The artillery threw about 25 shots from different parts of the field during the battle. For the most part the guns fired on the Zulus facing to the North, but at one point Major Smith took one gun off a little distance to the right to fire at the Zulus attack developing there.

Shortly after Mostyn and Cavaye's companies had retreated to the bottom of the hill, Essex observed that they were now getting short of ammunition, so he went to the camp to bring up a fresh supply loaded on a mule cart. 

Quartermaster Bloomfield issuing out ammunition.

While the line was holding the Zulus to the North at bay, however, the increasing numbers of warriors swinging South across the plain were posing a serious threat to the British right. To the right of the guns there were only Wardell and Pope to meet this attack, along with Lonsdale's NNC company.
Due to the right flank being very open, Captain Gardner rounded up "30 or 40" Mounted men and asked Pulleine for permission to take them out to the right. These were the Volunteers and Mounted Infantry under Captain Bradstreet who went out and lined the spruit running across the front of the camp.   

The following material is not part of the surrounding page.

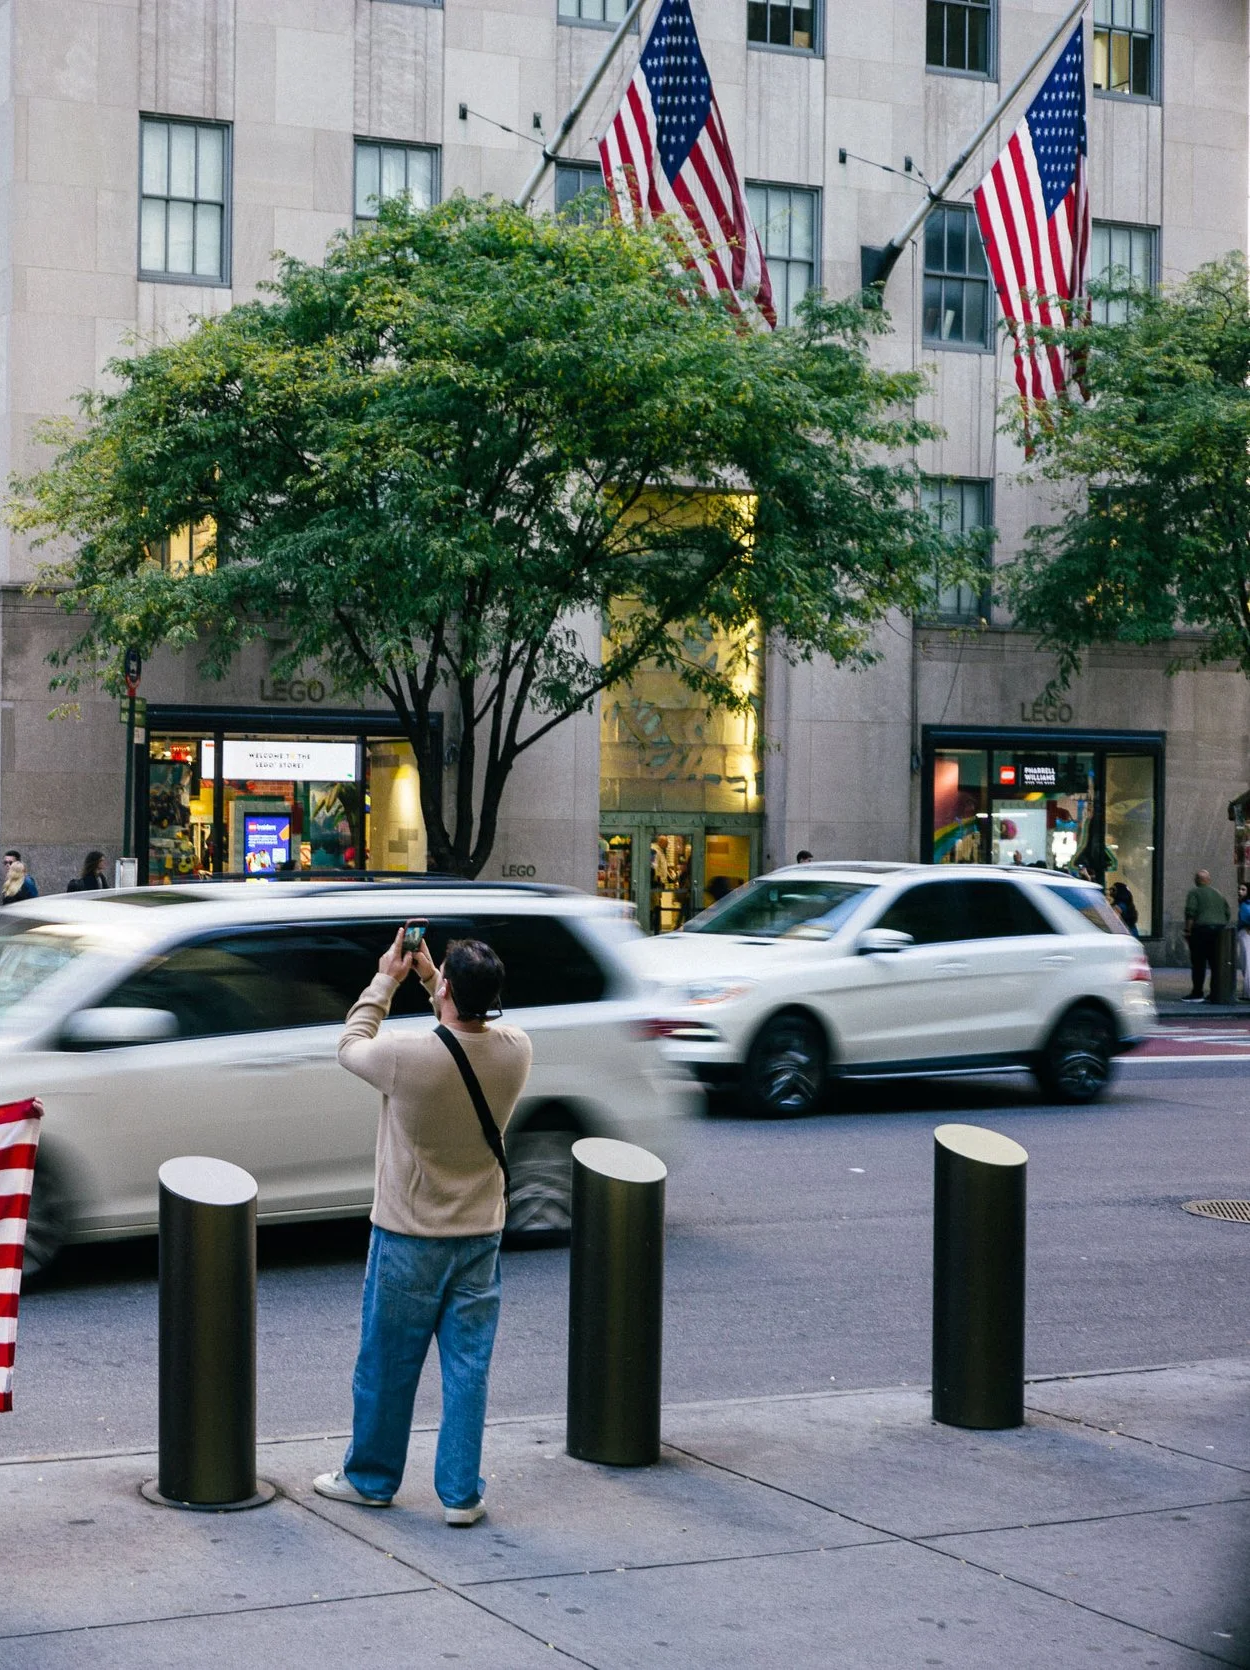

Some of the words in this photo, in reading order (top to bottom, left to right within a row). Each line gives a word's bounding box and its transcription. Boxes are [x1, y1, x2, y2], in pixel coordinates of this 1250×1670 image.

[259, 680, 325, 702] LEGO
[1021, 702, 1073, 723] LEGO
[502, 865, 537, 877] LEGO

Bradstreet had not been in position long when Durnford's men, still retiring across the plain, fell in beside them.  

Durnford moving up and down the line continually, encouraging his men.

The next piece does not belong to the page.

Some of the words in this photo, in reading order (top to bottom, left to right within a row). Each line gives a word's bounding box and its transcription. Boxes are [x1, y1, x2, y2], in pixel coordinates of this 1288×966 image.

At about this time Pope's company left its original position and, passing behind Lonsdale's NNC took up a new position between the rocky ridge and Durnford's men in the donga.

Unfortunately before they had time to complete this manoeuvre, Durnford's men fell back again and Pope's company was now very exposed to attacks from his right.

Durnford's men held the donga for perhaps 20 minutes or half an hour but the Zulu left horn sweeping around to Durnford's right, had forced them to fall back.

Durnford's retreat must have horrified Colonel Pulleine, since it left the British right wide open. Both Essex and Gardner rode over to find out what had gone wrong. Durnford's position had become to exposed to hold any longer.

NEXT WEEK..............The collapse of the British position.


  1. Totally awesome! I love all the extras like the wagons. Your raiding the bench mark mr Smith!

  2. Oops should of been raising not raiding...!

  3. Been looking forward to this all week and it was well worth the wait!
    Every picture takes you right back in time FANTASTIC work Pat another new bench mark!!!

    Best wishes


  4. that looks all very cool with all those terrain and extra gimmicks

    looks like fun


  5. Great stuff, that is some collection you have there.

  6. Really cool Blog mate, link added

  7. Simply brilliant! This is fantastic quality Silver!


  8. Fantastic photos and figures, your coverage of the battle just gets better and better!

  9. Excellent story telling, can't wait for the next part!!

  10. Thanks very much Chaps. The wife wonders why I spend so long on the computer but your feedback has made it all worth while.

  11. Fan-freaking-tastic!!! I've wanted to do the same thing with my Maiwand terrain and armies for the past couple of years, and now I'm thinking that your supremely successful efforts may inspire me to actually follow in your blog-steps and get it done!

  12. Magnificent!!!! Wonderful photos again Sir.

  13. Thanks again Chaps. MG, I would love to see this sort of thing done with your Maiwand collection.

  14. Fantastic job of bringing life to the narrative.

  15. My word Pat, this is such a treat to see your collection arranged like this - you must have had so much fun. Wonderful, wonderful, wonderful!

  16. Excellent way of telling a story! Looking forward to the next part!

    You made me watching "Zulu Dawn"! Again! :-D


  17. Absolutely stunning, Pat. It all looks utterly magnificent. I really like the backdrops - they really create a great feeling of distance and space. A great result - simply brilliant.

  18. Great shots Pat...terrain, figs all of it fantastic work

  19. Like every one else I have enjoyed this greatly and am looking forward to the Rorkes Drift instalment!

    Well done Pat!

  20. Starts with a rocket detachment behaving as if it was a cavalry patrol - even after being warned, and carries on with a camp that appears to not have been fortified. Had they survived, the officers were have had to be Court Marshalled.